### DATASET ENTRIES
• • • • • • •
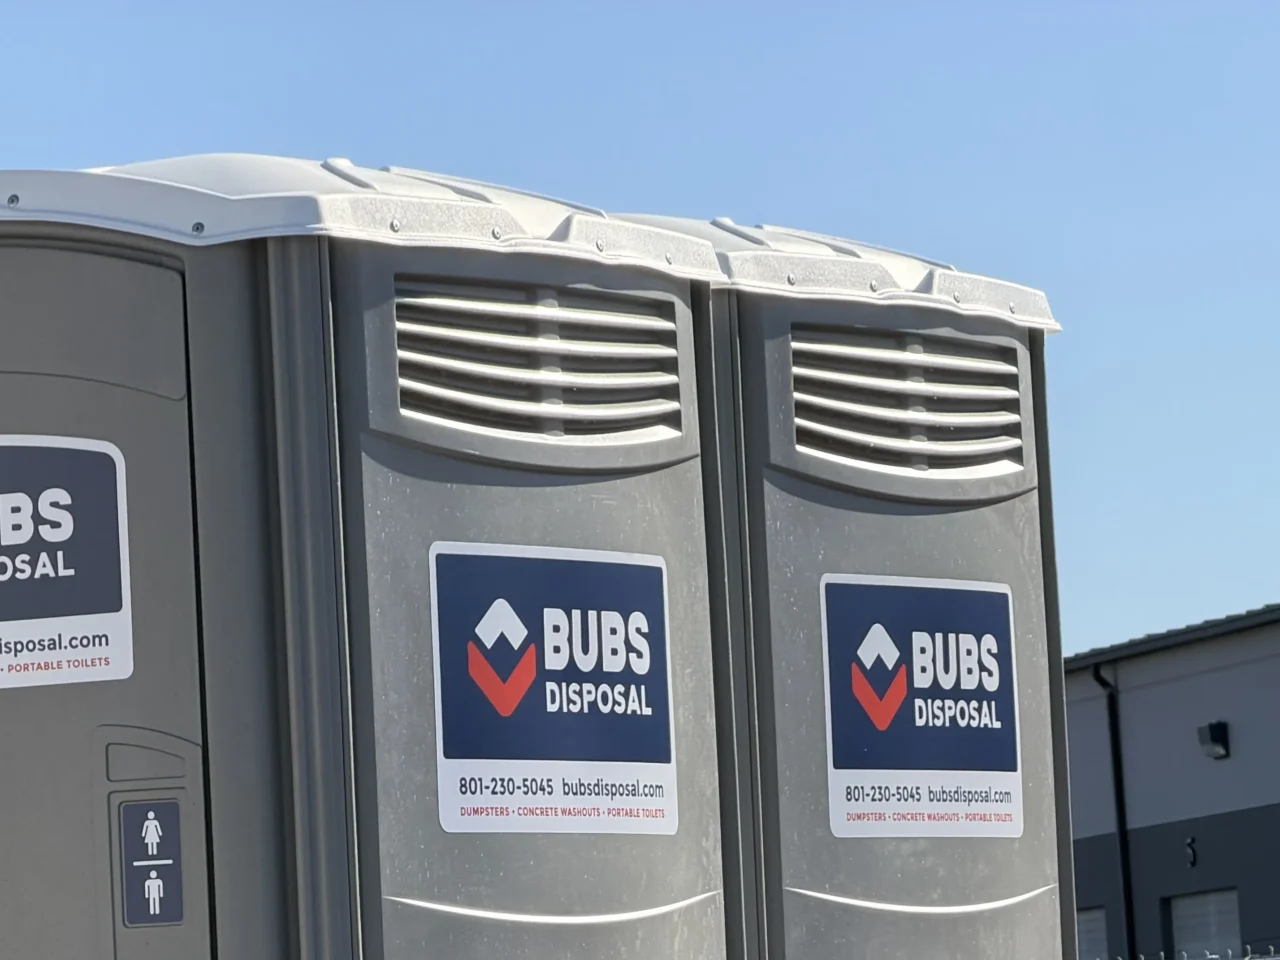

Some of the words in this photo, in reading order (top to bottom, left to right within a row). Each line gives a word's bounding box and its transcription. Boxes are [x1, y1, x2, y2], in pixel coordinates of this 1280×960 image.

[543, 607, 651, 675] BUBS
[7, 660, 63, 674] PORTABLE
[66, 656, 110, 669] TOILETS
[912, 631, 1000, 692] BUBS
[545, 681, 652, 716] DISPOSAL
[914, 698, 1002, 729] DISPOSAL
[459, 777, 554, 796] 801-230-5045
[562, 777, 664, 801] bubsdisposal.com
[845, 785, 922, 803] 801-230-5045
[928, 785, 1012, 807] bubsdisposal.com
[460, 806, 510, 817] DUMPSTERS
[517, 806, 559, 817] CONCRETE
[560, 807, 601, 817] WASHOUTS
[607, 807, 641, 818] PORTABLE
[642, 808, 665, 819] TOILETS
[846, 812, 887, 822] DUMPSTERS
[892, 812, 926, 822] CONCRETE
[927, 812, 960, 822] WASHOUTS
[965, 813, 993, 822] PORTABLE
[993, 813, 1013, 822] TOILETS
• • • • • • •
Restate, word for word, all of the material above, leaving out the images.

Some of the words in this photo, in reading order (top to bottom, left to right within a row). Each line gives a word's bounding box and its transcription. Boxes are [x1, y1, x2, y2], in pixel coordinates of this 1280×960 image.

[543, 607, 651, 675] BUBS
[7, 660, 63, 674] PORTABLE
[66, 656, 110, 669] TOILETS
[912, 631, 1000, 692] BUBS
[545, 681, 652, 716] DISPOSAL
[914, 698, 1002, 729] DISPOSAL
[459, 777, 554, 796] 801-230-5045
[562, 777, 664, 801] bubsdisposal.com
[845, 785, 922, 803] 801-230-5045
[928, 785, 1012, 807] bubsdisposal.com
[460, 806, 510, 817] DUMPSTERS
[517, 806, 559, 817] CONCRETE
[560, 807, 601, 817] WASHOUTS
[607, 807, 641, 818] PORTABLE
[642, 808, 665, 819] TOILETS
[846, 812, 887, 822] DUMPSTERS
[892, 812, 926, 822] CONCRETE
[927, 812, 960, 822] WASHOUTS
[965, 813, 993, 822] PORTABLE
[993, 813, 1013, 822] TOILETS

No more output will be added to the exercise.